The early stages of the Obama administration are beginning to
resemble the Clinton years, which I
observed from afar (I was a foreign
correspondent in Tokyo at the time). Take Zoe Baird and substitute Tom
Daschle, who dropped out of the running for Secretary of Health and
Human Services today because of tax and conflict-of-interest problems.
Take gays in the military and substitute putting in charge of the bank
bailout a man (Tim Geithner) who knows all the bankers from his years
at the New York Fed, seems overly solicitous to their needs, and has
his own tax problems.
Once again, a new Democratic president appears to have a semi-automatic weapon semi-permanently aimed at his foot.

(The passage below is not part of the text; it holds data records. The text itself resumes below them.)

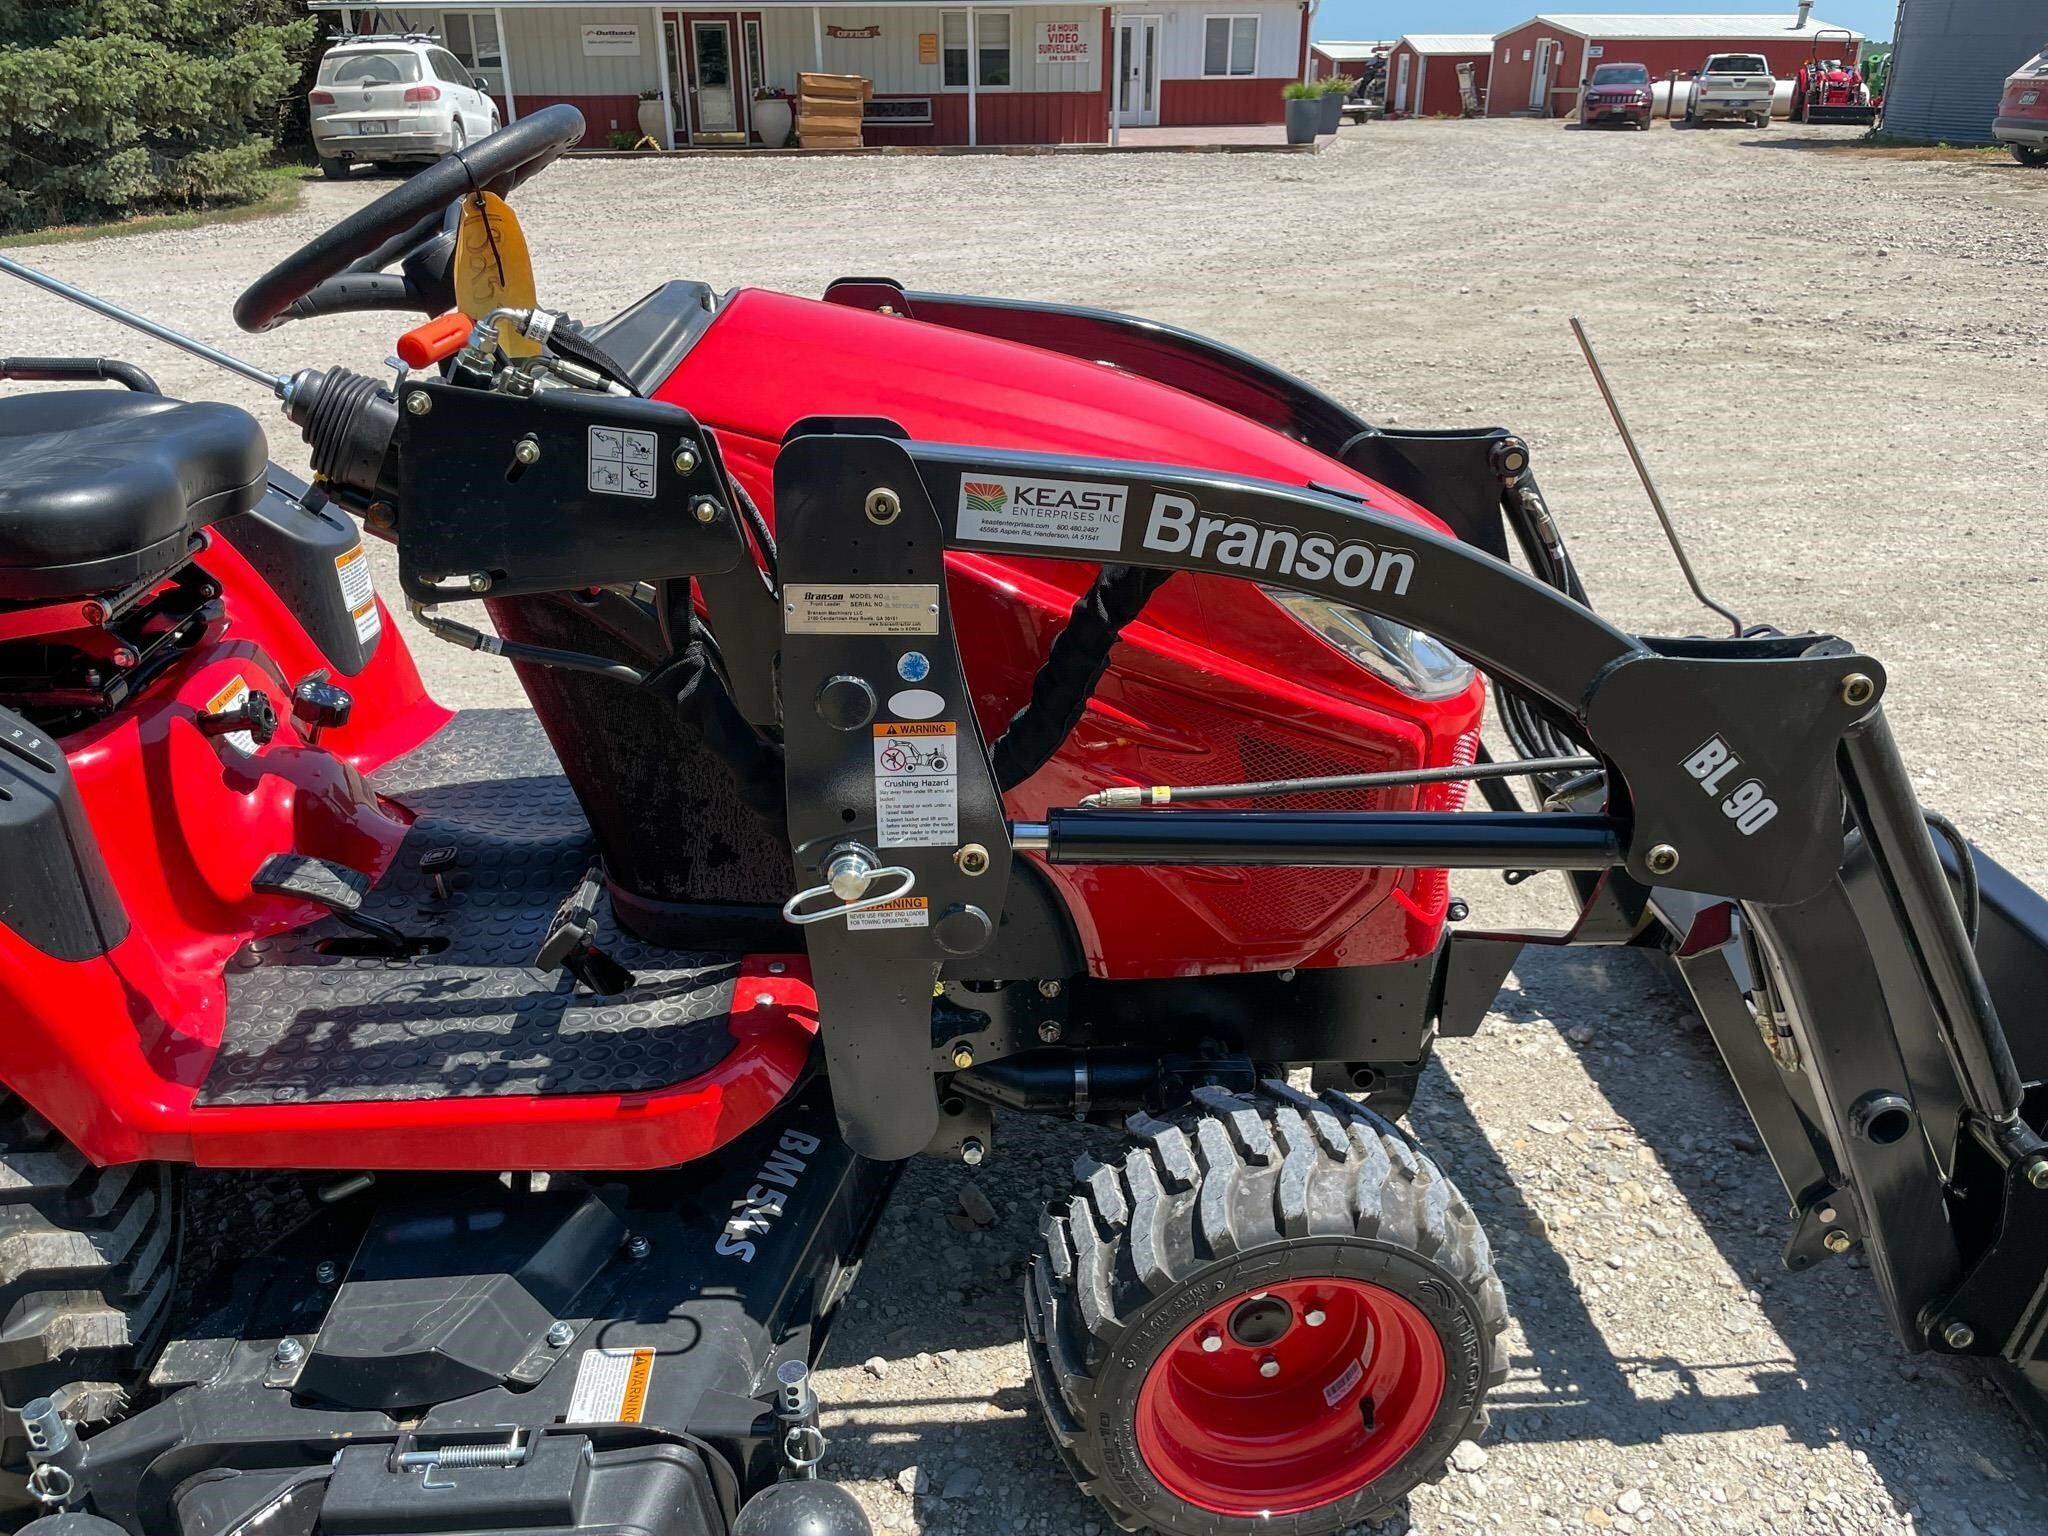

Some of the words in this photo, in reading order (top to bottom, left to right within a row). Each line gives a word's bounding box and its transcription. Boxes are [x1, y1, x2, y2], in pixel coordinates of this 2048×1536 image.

[1047, 24, 1056, 32] 24
[1058, 24, 1078, 32] HOUR
[1048, 33, 1078, 43] VIDEO
[1038, 44, 1088, 54] SURVEILLANCE
[1014, 486, 1122, 512] KEAST
[1012, 506, 1095, 522] ENTERPRISES
[1099, 514, 1120, 524] INC
[981, 518, 1050, 529] keastenterprises.com
[999, 528, 1020, 536] Aspen
[1034, 530, 1070, 540] Henderson,
[1143, 494, 1416, 596] Branson
[804, 592, 844, 600] Branson
[900, 725, 946, 734] WARNING
[1683, 738, 1740, 798] BL
[1721, 782, 1779, 836] 90
[714, 1128, 821, 1264] BM54S

No doubt the New York Times editorial this morning, which
came down on hard on Daschle's financial ties to health-related trade
groups and firms, weighed
heavily on the nominee's mind. In my view, this was not a tax issue, no
matter how the press reports it. He had a structural conflict of
interest that would have made it very difficult for him to do his job,
at least in the first year, and he must have realized that any effort
to pursue serious health care reform this year would run into
allegations that his financial relationships influenced the
Daschle and Geither are both fine public servants and would have (in
Daschle's case) and will do (in Geithner's case) a decent job. But it's
hard not to think that President Obama's infatuation with insiders and
high-tone resumes is leading him to eschew what voters really were
looking for last November — a breath of fresh air in Washington.

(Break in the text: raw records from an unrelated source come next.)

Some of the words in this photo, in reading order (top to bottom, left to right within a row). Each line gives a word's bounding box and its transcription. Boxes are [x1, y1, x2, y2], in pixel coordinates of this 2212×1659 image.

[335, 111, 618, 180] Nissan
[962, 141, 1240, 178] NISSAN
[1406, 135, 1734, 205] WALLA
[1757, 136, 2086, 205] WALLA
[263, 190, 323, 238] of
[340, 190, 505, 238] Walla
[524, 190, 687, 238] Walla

He has a chance to rectify that situation in his search for a new
Food and Drug Administration commissioner. Dr. Joshua Sharfstein, it is
now rumored, is the frontrunner for the post. He's young; he's smart
(from Harvard Med); he knows the agency from his years working for Rep.
Henry Waxman on Capitol Hill and serving as director of the FDA
transition team; and, most significantly, he left Washington two years
ago to take on a big city health department in one of the nation's most
troubled cities — Baltimore. Unlike so many of the academics
frequently mentioned as frontrunners for the post, he at least has a
taste of major administrative experience.
Finally, unlike several other top candidates, he has never done any
work for the pharmaceutical industry. One of the big debates in recent
years as consumer advocates pushed to eliminate conflicts of interest
on FDA advisory committees was whether the agency could find top-notch
talent to fill those rosters if they eliminated everyone who worked for
Big Pharma. The consumer groups argued that the agency would have to
look a little harder, but the independent experts were out there.
Now that the salmonella-tainted peanut crisis has gotten the
president's attention and made it more likely the new FDA pick will
come sooner rather than later, Obama is lucky that he doesn't have to
look far to find a top talent without ties to the industry. He's just
45 miles up the road in Baltimore.
(It's interesting how the Daschle situation is shining a
"conflict-of-interest" spotlight on the FDA decision; read this
interesting post by Dan Carlat,
where he disqualifies all the prominently mentioned candidates except
Sharfstein and Susan Wood of George Washington Univresity because of
the others' ties to industry.)
Meanwhile, who will get the nod for HHS? My guess is one of the two
Harvard health care economists who ran Obama's health care advisory
board during the campaign: David Cutler or David Blumenthal. Both have
their strengths and weaknesses: Cutler knows economics, but, in my
view, has been overly solicitous to the idea that most new technologies
are a good buy for the health care system. Blumenthal understands
health care delivery systems better, and began his career conducting
research and raising questions about conflicts of interest in medicine.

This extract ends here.